ECLI:NL:RBDHA:2016:14625
Rechtbank Den Haag
- Kort geding
- Rechtspraak.nl
Afwijzing verzoek tot schorsing van vrijheidsstraf in afwachting van gratieverzoek
In deze zaak heeft de voorzieningenrechter van de Rechtbank Den Haag op 1 december 2016 uitspraak gedaan in een kort geding waarin [eiser] de Staat der Nederlanden heeft aangeklaagd. [eiser] vorderde dat de Staat hem binnen 24 uur na betekening van het vonnis in vrijheid zou stellen, zodat hij de beslissing op zijn gratieverzoek in vrijheid kon afwachten. De achtergrond van de zaak betreft een veroordeling van [eiser] door het gerechtshof Leeuwarden op 13 oktober 2011 tot een gevangenisstraf van 36 maanden, waarvan 12 maanden voorwaardelijk. De tenuitvoerlegging van het voorwaardelijke deel werd gelast op 28 april 2014, maar [eiser] werd op 3 mei 2016 aangehouden in verband met de tenuitvoerlegging van het onvoorwaardelijke deel van de straf.
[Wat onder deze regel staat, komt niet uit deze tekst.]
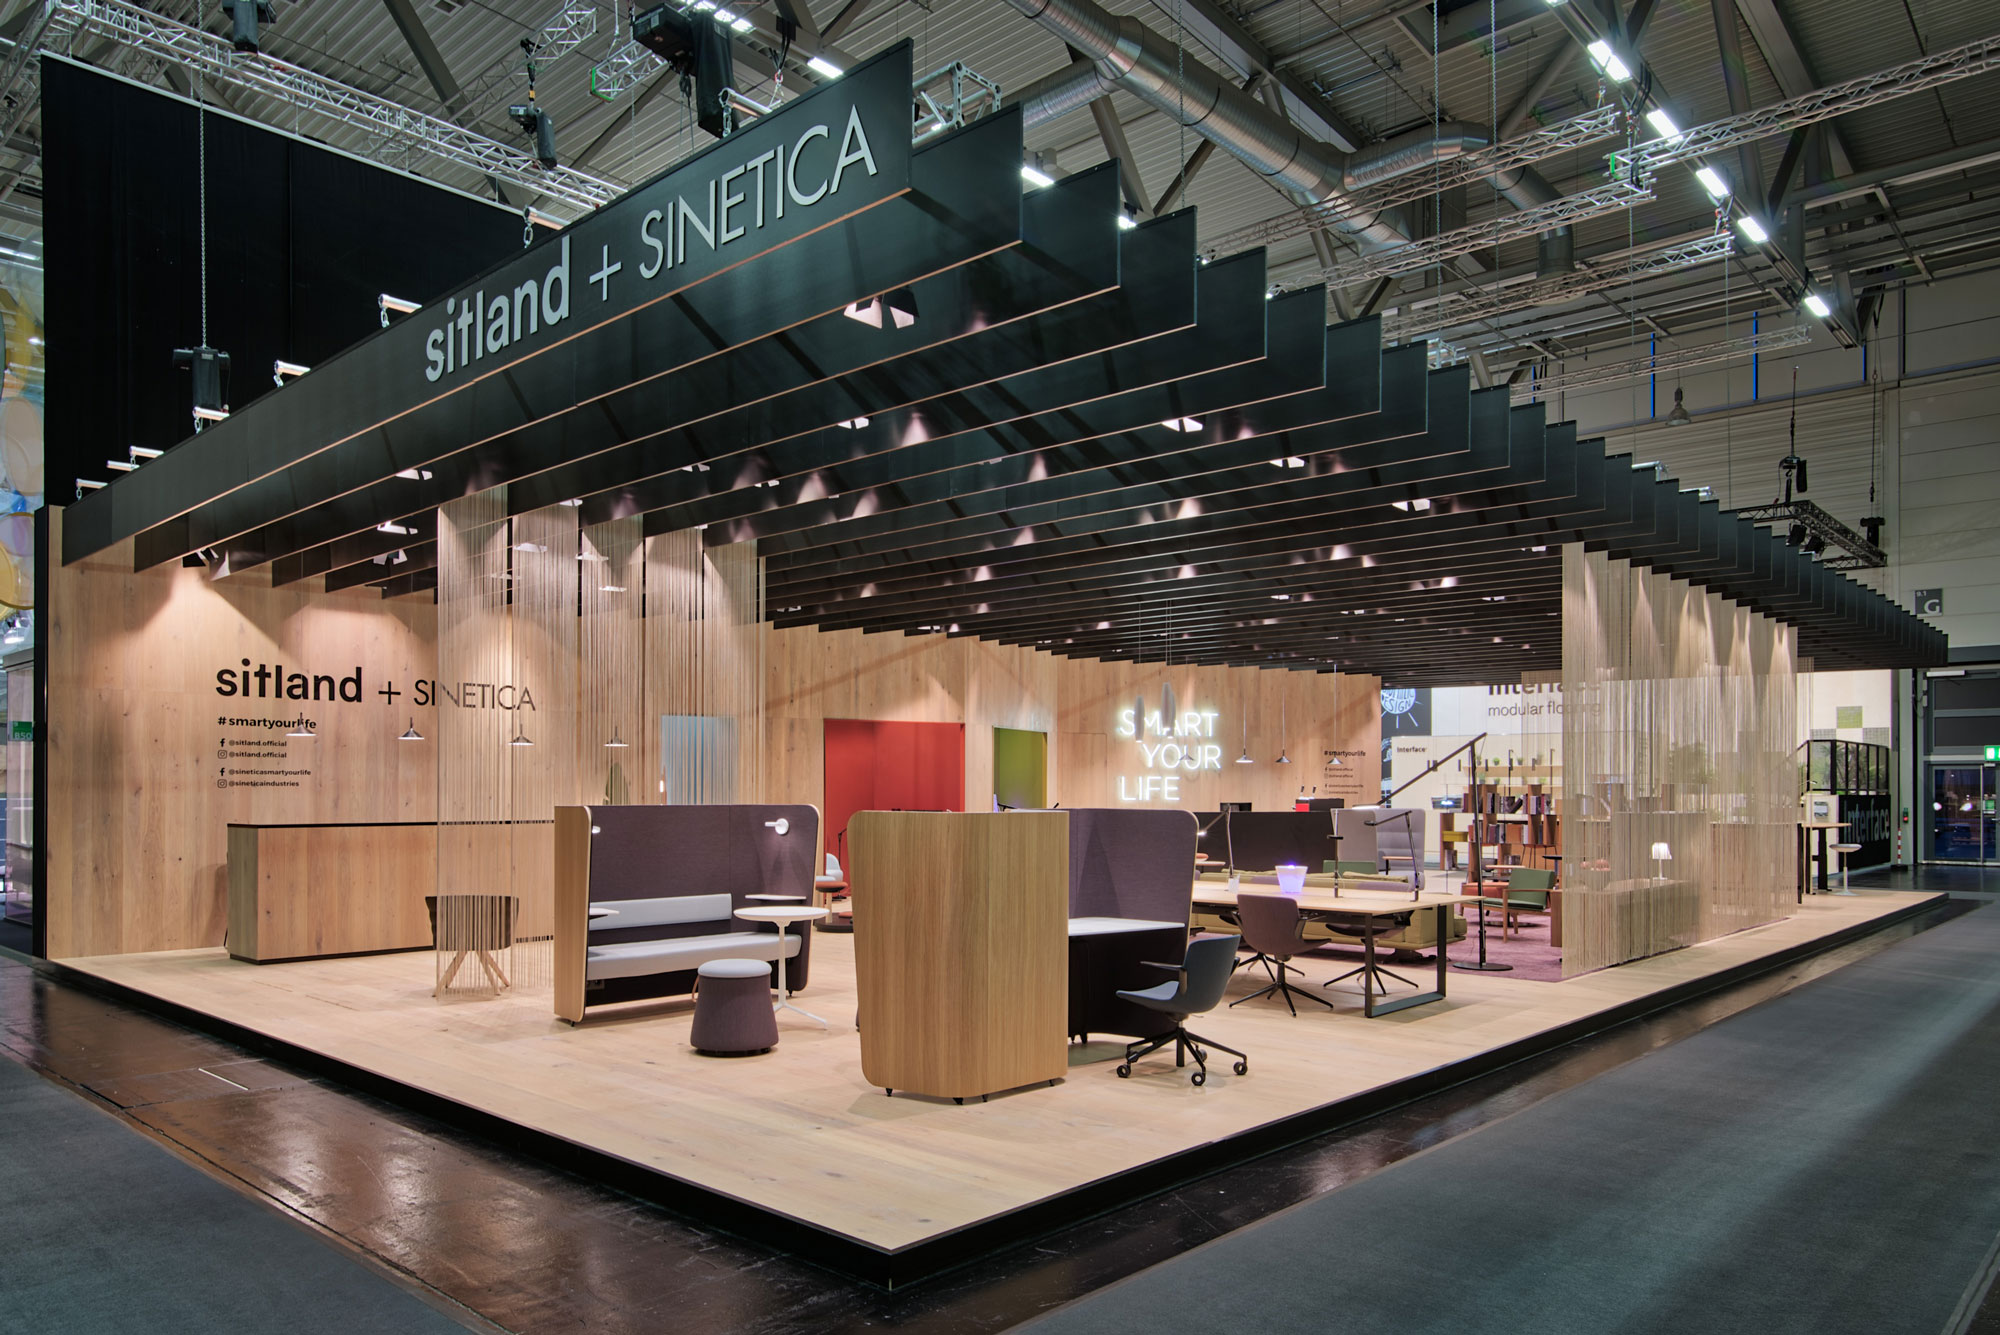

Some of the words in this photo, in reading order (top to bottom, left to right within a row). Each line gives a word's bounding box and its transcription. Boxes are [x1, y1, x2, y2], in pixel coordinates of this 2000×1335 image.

[425, 235, 571, 382] sitland
[589, 245, 622, 301] +
[639, 104, 878, 279] SINETICA
[1924, 599, 1941, 615] G
[216, 658, 362, 703] sitland
[378, 681, 401, 705] +
[413, 679, 536, 711] SINETICA
[1488, 702, 1543, 716] modular
[1142, 743, 1222, 770] YOUR
[1121, 776, 1181, 801] LIFE
[1844, 798, 1890, 843] Interface
Hij heeft op 14 september 2016 een gratieverzoek ingediend.
De voorzieningenrechter heeft in zijn beoordeling vastgesteld dat de executie van de gevangenisstraf moet worden voortgezet, omdat er geen wettelijke grondslag is voor schorsing van de tenuitvoerlegging in afwachting van het gratieverzoek. De rechter heeft overwogen dat het gratieverzoek van [eiser] geen schorsende werking heeft en dat de Minister van Veiligheid en Justitie slechts in uitzonderlijke gevallen de tenuitvoerlegging kan opschorten. De voorzieningenrechter heeft geconcludeerd dat de door [eiser] aangevoerde omstandigheden niet voldoende zijn om te verwachten dat zijn gratieverzoek hoogstwaarschijnlijk zal worden ingewilligd.
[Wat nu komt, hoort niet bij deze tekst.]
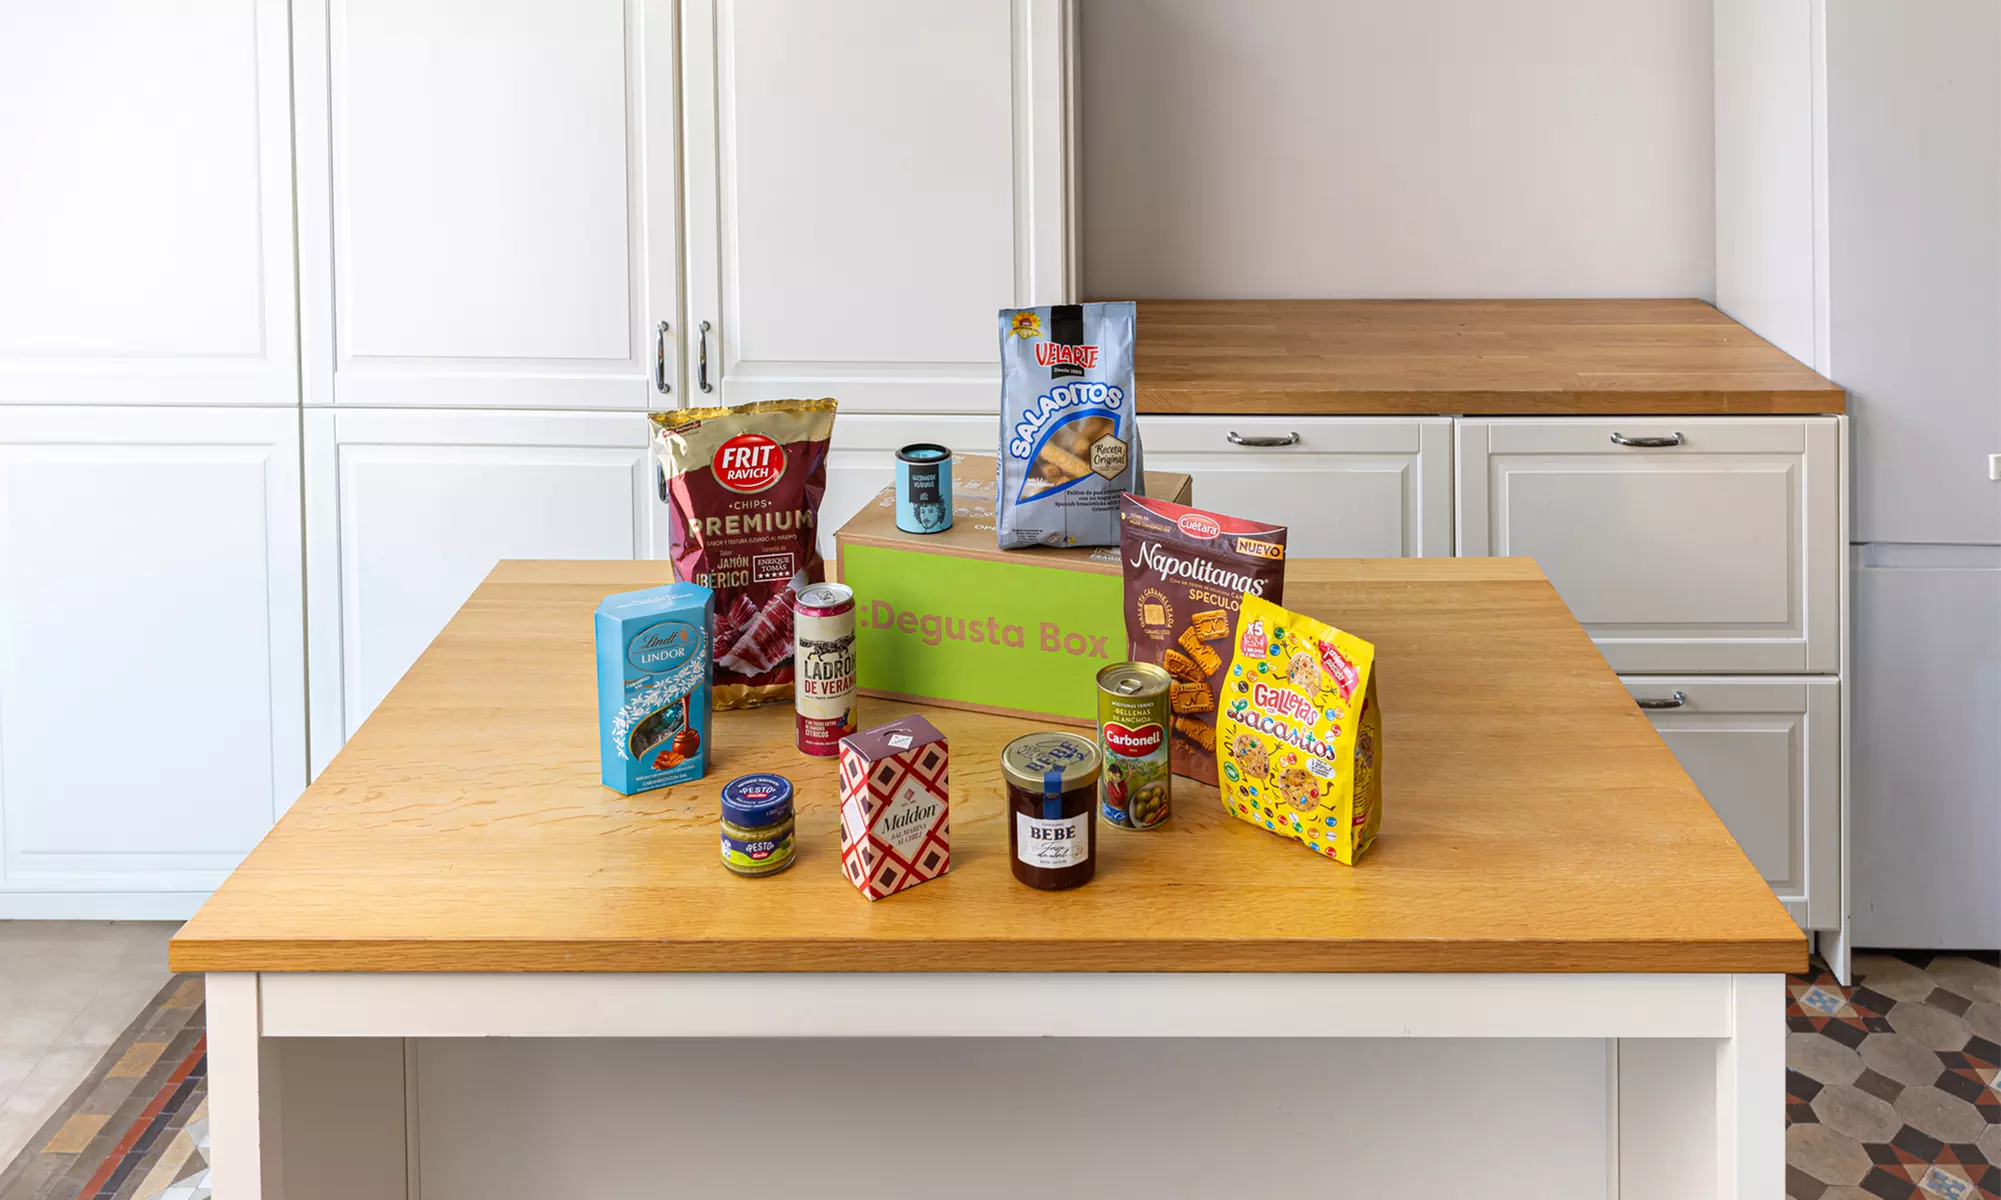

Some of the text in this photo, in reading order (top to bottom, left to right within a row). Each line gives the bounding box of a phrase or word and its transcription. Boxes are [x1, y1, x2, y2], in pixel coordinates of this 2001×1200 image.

[1035, 343, 1099, 369] VELARTE
[1011, 382, 1124, 460] SALADITOS
[722, 445, 776, 469] FRIT
[1095, 444, 1123, 455] Receta
[1094, 454, 1125, 467] Original
[728, 467, 769, 480] RAVICH
[734, 500, 767, 510] CHIPS
[688, 509, 814, 538] PREMIUM
[1179, 518, 1218, 535] Cuétara
[1240, 540, 1281, 558] NUEVO
[717, 555, 749, 569] JAMÓN
[758, 557, 790, 566] ENRIQUE
[1130, 541, 1265, 598] Napolitanas
[696, 569, 749, 589] IBÉRICO
[1248, 620, 1264, 637] x5
[640, 631, 679, 648] Lindt
[1040, 622, 1109, 659] Box
[641, 648, 685, 664] LINDOR
[805, 679, 818, 694] DE
[1106, 730, 1160, 747] Carbonell
[1226, 699, 1336, 761] Lacasitos
[742, 786, 773, 795] PESTO
[881, 804, 936, 835] Maldon
[1030, 824, 1076, 840] BEBE
[747, 841, 772, 853] PESTO
Uiteindelijk heeft de voorzieningenrechter de vordering van [eiser] afgewezen en hem veroordeeld in de kosten van het geding. Dit vonnis benadrukt de strikte toepassing van de executieplicht en de beperkte mogelijkheden voor schorsing van de tenuitvoerlegging van een gevangenisstraf.